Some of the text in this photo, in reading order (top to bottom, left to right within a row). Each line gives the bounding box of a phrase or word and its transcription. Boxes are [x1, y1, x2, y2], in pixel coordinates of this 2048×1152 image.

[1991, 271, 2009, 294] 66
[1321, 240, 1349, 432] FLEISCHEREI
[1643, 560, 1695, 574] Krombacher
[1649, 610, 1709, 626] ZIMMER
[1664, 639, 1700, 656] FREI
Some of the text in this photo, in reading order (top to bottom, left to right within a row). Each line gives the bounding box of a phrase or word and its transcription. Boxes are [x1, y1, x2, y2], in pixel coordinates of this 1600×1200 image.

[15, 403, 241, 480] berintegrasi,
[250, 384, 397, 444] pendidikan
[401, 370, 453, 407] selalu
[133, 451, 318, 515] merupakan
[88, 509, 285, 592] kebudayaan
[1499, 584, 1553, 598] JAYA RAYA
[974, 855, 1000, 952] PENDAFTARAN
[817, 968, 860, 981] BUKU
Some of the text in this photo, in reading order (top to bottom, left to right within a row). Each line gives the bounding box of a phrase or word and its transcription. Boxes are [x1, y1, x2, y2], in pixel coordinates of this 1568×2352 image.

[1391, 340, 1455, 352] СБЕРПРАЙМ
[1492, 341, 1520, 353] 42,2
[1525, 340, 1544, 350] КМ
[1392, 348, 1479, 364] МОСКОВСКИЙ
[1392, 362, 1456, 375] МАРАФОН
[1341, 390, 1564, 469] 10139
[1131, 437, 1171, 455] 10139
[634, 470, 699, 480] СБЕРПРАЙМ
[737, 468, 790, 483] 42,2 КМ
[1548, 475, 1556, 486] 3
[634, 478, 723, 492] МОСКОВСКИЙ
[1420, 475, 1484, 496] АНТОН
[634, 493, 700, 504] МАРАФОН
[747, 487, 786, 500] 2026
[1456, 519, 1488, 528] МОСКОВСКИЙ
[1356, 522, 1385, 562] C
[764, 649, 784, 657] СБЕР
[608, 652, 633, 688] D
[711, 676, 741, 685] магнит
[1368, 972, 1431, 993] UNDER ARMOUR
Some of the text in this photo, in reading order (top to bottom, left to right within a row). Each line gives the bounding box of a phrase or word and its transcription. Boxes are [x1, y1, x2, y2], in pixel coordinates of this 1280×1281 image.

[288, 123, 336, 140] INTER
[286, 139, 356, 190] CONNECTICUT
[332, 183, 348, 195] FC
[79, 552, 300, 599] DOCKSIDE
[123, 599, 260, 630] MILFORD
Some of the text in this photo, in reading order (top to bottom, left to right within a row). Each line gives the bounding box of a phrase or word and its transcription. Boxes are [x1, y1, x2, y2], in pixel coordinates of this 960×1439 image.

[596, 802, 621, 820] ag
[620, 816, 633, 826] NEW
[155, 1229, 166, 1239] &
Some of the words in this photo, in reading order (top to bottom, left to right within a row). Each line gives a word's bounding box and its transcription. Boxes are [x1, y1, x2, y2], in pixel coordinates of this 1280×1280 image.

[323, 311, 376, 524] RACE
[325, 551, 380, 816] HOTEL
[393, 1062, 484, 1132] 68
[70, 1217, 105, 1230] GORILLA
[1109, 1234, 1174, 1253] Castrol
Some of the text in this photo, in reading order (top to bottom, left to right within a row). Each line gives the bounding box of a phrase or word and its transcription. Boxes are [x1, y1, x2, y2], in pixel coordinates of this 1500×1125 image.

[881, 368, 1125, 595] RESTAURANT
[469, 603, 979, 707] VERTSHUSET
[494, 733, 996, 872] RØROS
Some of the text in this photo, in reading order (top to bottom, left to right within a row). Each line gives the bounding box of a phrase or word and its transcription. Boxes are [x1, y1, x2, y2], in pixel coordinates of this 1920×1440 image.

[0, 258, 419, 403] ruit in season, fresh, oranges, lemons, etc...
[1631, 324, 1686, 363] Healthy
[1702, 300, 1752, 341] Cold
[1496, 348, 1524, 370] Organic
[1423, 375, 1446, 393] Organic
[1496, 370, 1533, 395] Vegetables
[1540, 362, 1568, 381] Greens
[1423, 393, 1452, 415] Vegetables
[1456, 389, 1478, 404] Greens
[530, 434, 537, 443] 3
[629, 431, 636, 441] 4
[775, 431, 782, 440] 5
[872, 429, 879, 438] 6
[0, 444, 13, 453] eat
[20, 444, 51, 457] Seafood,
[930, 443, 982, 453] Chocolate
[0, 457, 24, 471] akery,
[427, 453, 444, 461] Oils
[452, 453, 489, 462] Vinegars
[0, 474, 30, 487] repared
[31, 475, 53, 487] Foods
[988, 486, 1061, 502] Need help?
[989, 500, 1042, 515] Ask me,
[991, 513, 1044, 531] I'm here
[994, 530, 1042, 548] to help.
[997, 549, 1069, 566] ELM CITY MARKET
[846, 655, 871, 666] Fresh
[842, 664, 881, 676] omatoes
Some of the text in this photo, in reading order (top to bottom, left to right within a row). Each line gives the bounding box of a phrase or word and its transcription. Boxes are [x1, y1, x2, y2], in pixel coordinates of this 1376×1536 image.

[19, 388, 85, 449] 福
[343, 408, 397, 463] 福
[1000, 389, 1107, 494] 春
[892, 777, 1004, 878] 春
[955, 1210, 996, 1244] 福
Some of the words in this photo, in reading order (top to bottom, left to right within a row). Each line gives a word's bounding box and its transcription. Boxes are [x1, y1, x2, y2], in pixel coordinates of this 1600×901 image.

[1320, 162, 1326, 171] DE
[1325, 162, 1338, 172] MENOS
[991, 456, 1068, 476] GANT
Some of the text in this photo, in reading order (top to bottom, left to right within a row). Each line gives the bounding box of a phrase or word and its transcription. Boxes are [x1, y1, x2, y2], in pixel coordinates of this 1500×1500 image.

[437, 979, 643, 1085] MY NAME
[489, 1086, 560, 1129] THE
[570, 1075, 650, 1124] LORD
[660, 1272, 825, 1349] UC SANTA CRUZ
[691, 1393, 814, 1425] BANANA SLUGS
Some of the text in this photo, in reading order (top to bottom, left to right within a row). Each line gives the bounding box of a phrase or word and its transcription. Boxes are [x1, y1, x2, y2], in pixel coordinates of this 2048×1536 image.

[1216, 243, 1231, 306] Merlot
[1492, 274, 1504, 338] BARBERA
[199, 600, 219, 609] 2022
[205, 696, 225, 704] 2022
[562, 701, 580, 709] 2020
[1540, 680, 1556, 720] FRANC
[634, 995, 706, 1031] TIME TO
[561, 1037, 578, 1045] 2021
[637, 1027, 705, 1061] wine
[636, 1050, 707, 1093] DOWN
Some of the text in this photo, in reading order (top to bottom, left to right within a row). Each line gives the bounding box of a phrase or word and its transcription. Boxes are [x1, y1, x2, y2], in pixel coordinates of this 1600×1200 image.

········

* **What you will do**: Only the lines from the one containing "this 1500×1500 image." to the end of the records should be repeated, exactly as they appear.

* **Solution to the problem**:
Some of the text in this photo, in reading order (top to bottom, left to right within a row). Each line gives the bounding box of a phrase or word and its transcription. Boxes are [x1, y1, x2, y2], in pixel coordinates of this 1500×1500 image.

[437, 979, 643, 1085] MY NAME
[489, 1086, 560, 1129] THE
[570, 1075, 650, 1124] LORD
[660, 1272, 825, 1349] UC SANTA CRUZ
[691, 1393, 814, 1425] BANANA SLUGS
Some of the text in this photo, in reading order (top to bottom, left to right within a row). Each line gives the bounding box of a phrase or word and its transcription. Boxes are [x1, y1, x2, y2], in pixel coordinates of this 2048×1536 image.

[1216, 243, 1231, 306] Merlot
[1492, 274, 1504, 338] BARBERA
[199, 600, 219, 609] 2022
[205, 696, 225, 704] 2022
[562, 701, 580, 709] 2020
[1540, 680, 1556, 720] FRANC
[634, 995, 706, 1031] TIME TO
[561, 1037, 578, 1045] 2021
[637, 1027, 705, 1061] wine
[636, 1050, 707, 1093] DOWN
Some of the text in this photo, in reading order (top to bottom, left to right within a row). Each line gives the bounding box of a phrase or word and its transcription. Boxes are [x1, y1, x2, y2], in pixel coordinates of this 1600×1200 image.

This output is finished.